Me aproximei de Sirius e analisei os cortes e arranhões. Maria usou uma faca para cortar a camisa de couro e expôs um abdômen perfeitamente definido e braços fortes, como era típico do corpo dos gárgulas, a calça permaneceu. Olhei para Rudi agradecendo a preocupação e demonstrando que a decisão era só minha, e eu sabia o que fazer.

Preparei-me para a dor que entraria no meu corpo, segurei a mão dele e absorvi a sensação que me percorria como uma corrente elétrica, eu conhecia a dor e sabia como controlar os efeitos dela no meu corpo. Sirius era um poço de dor, procurei por outros sentimentos diferentes, como o medo, mas seja lá o que tivesse feito aquilo com ele, não o causava medo, porque era um sentimento que não existia dentro daquele poço, no entanto, a dor vinha acompanhada de outro sentimento, algo novo, algo que eu não conhecia os efeitos, ele não tinha medo, mas certamente sentia raiva, uma esperança sombria jorrava daquele corpo esculpido em músculos e entrava no meu corpo escurecendo tudo ao redor, a vingança. Ele era uma enxurrada de sentimentos violentos e eu uma represa com a porta arrebentada. Apoiei uma das mãos na mesa e segurei a mão dele com mais força, a dor e a falta de sangue pareciam tão devastadoras que seriam capazes de matá-lo, mas a raiva era o que o mantinha vivo. Os dois sentimentos me invadiam como se fossem os dois lados de uma mesma moeda, inseparáveis, não dava para saber o que o mataria e o que o manteria vivo. Tentei selecionar para que só a dor passasse para mim, mas era impossível. O mundo ao redor adquiriu uma tonalidade amarelada, depois ficou vermelho, a vingança enrijecia os meus músculos e fazia o meu coração bater num ritmo diferente, nem rápido nem devagar, só diferente.

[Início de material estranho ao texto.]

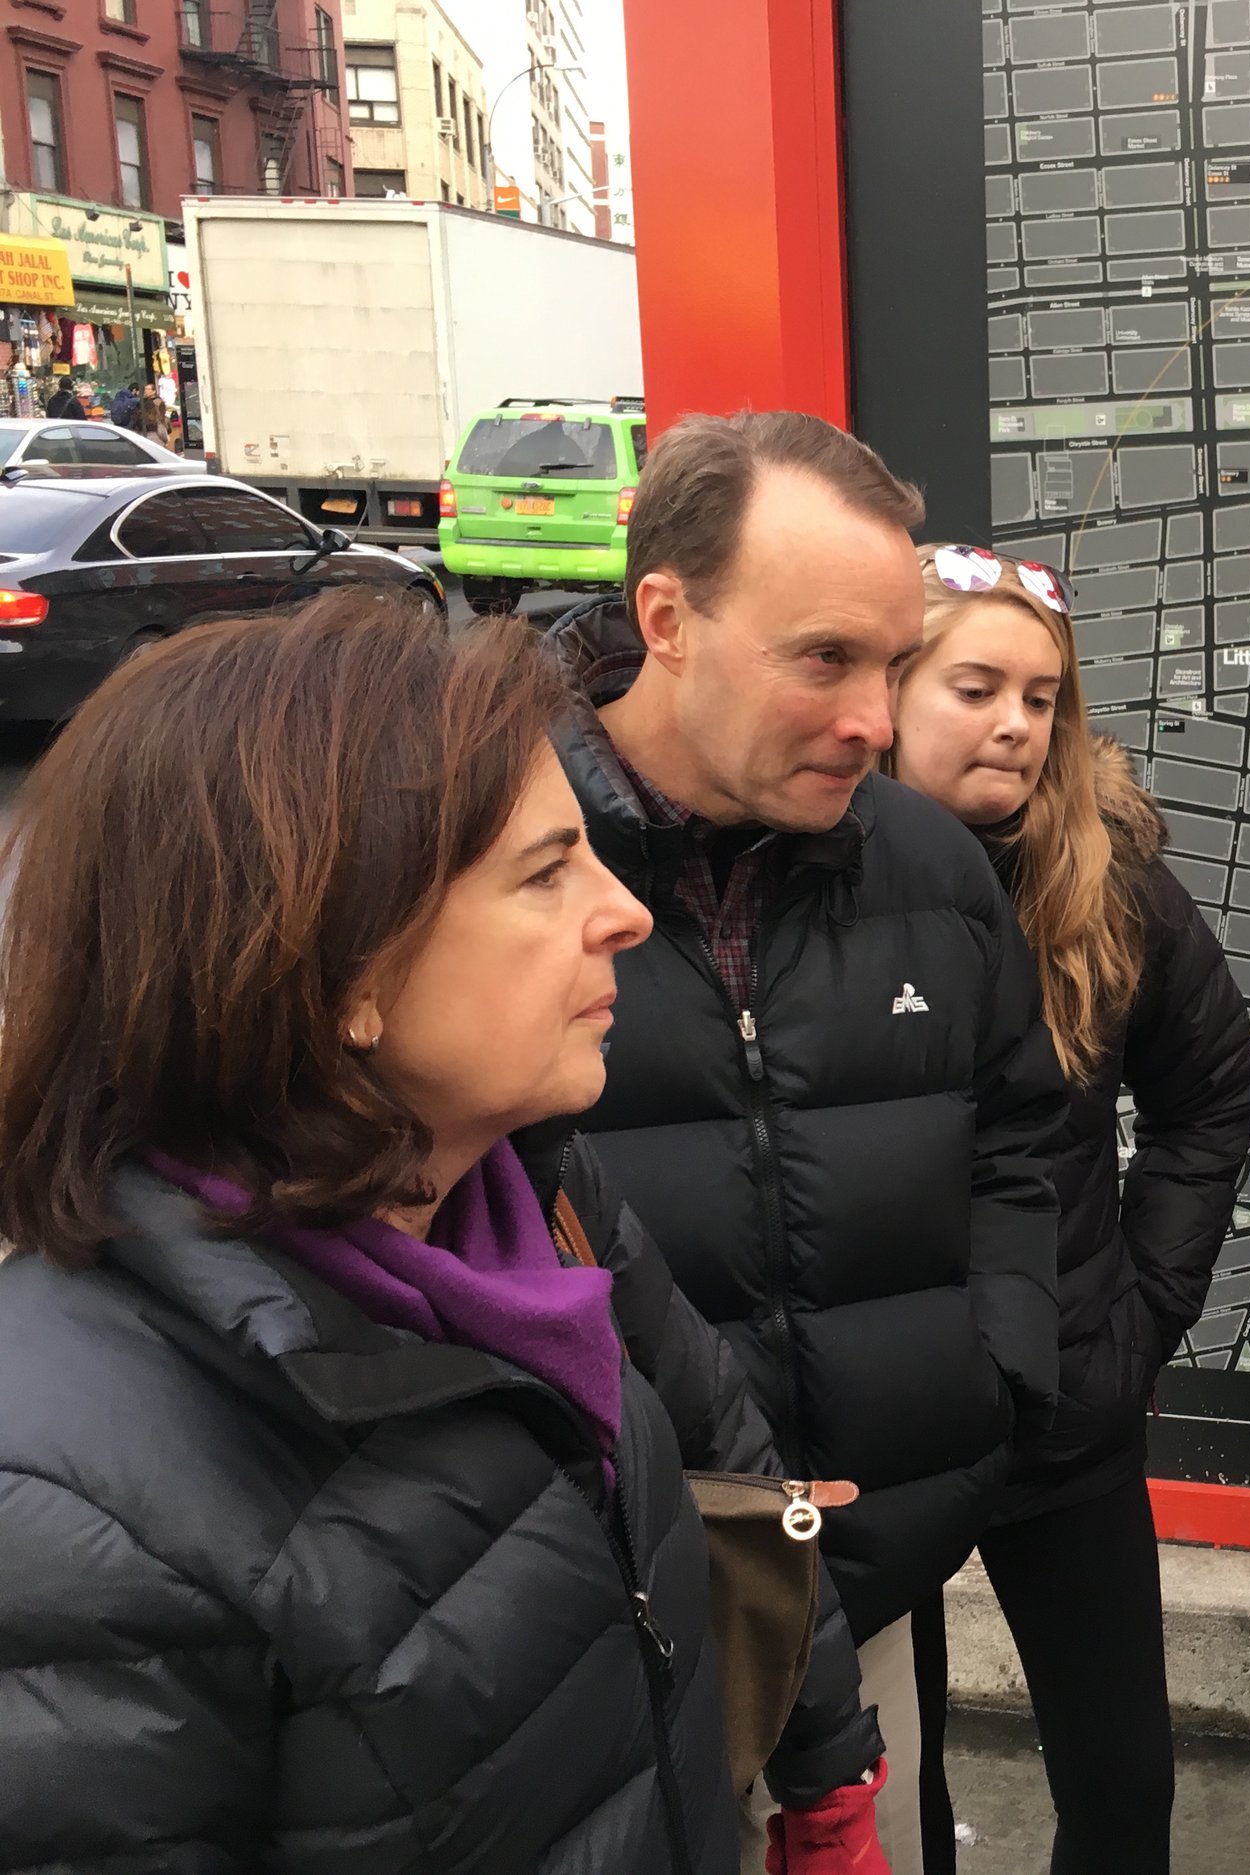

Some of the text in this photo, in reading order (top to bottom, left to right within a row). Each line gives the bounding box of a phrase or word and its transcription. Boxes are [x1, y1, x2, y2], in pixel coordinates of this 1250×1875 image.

[20, 252, 51, 270] JALAL
[7, 271, 65, 290] SHOP INC.
[16, 289, 41, 299] CANAL

- Ayra... - uma voz chamou de longe, quase inaudível.

Levantei o rosto vendo Rudi e Sebastian olhando para mim de olhos arregalados, Maria inclinada sobre o braço do gárgula com um pano na mão e me olhando com atenção e Scarlett olhava para mim entre uma agulhada e outra na asa.

- Ayra, solte-o! - Rudi ordenou.

- Aguenta firme, Ayra, preciso de você aí! - Scarlett falou para mim.

- Ayra, calma, controla o calor, respire. - Maria falou calmamente enquanto caminhava em direção às pernas do homem.

Eram muitas vozes, muitas ordens, e eu só conseguia me concentrar em não explodir aquela cabana e tudo o que existia ao redor. Scarlett costurava a pele clara da asa mantendo o equilíbrio entre o capricho e a pressa.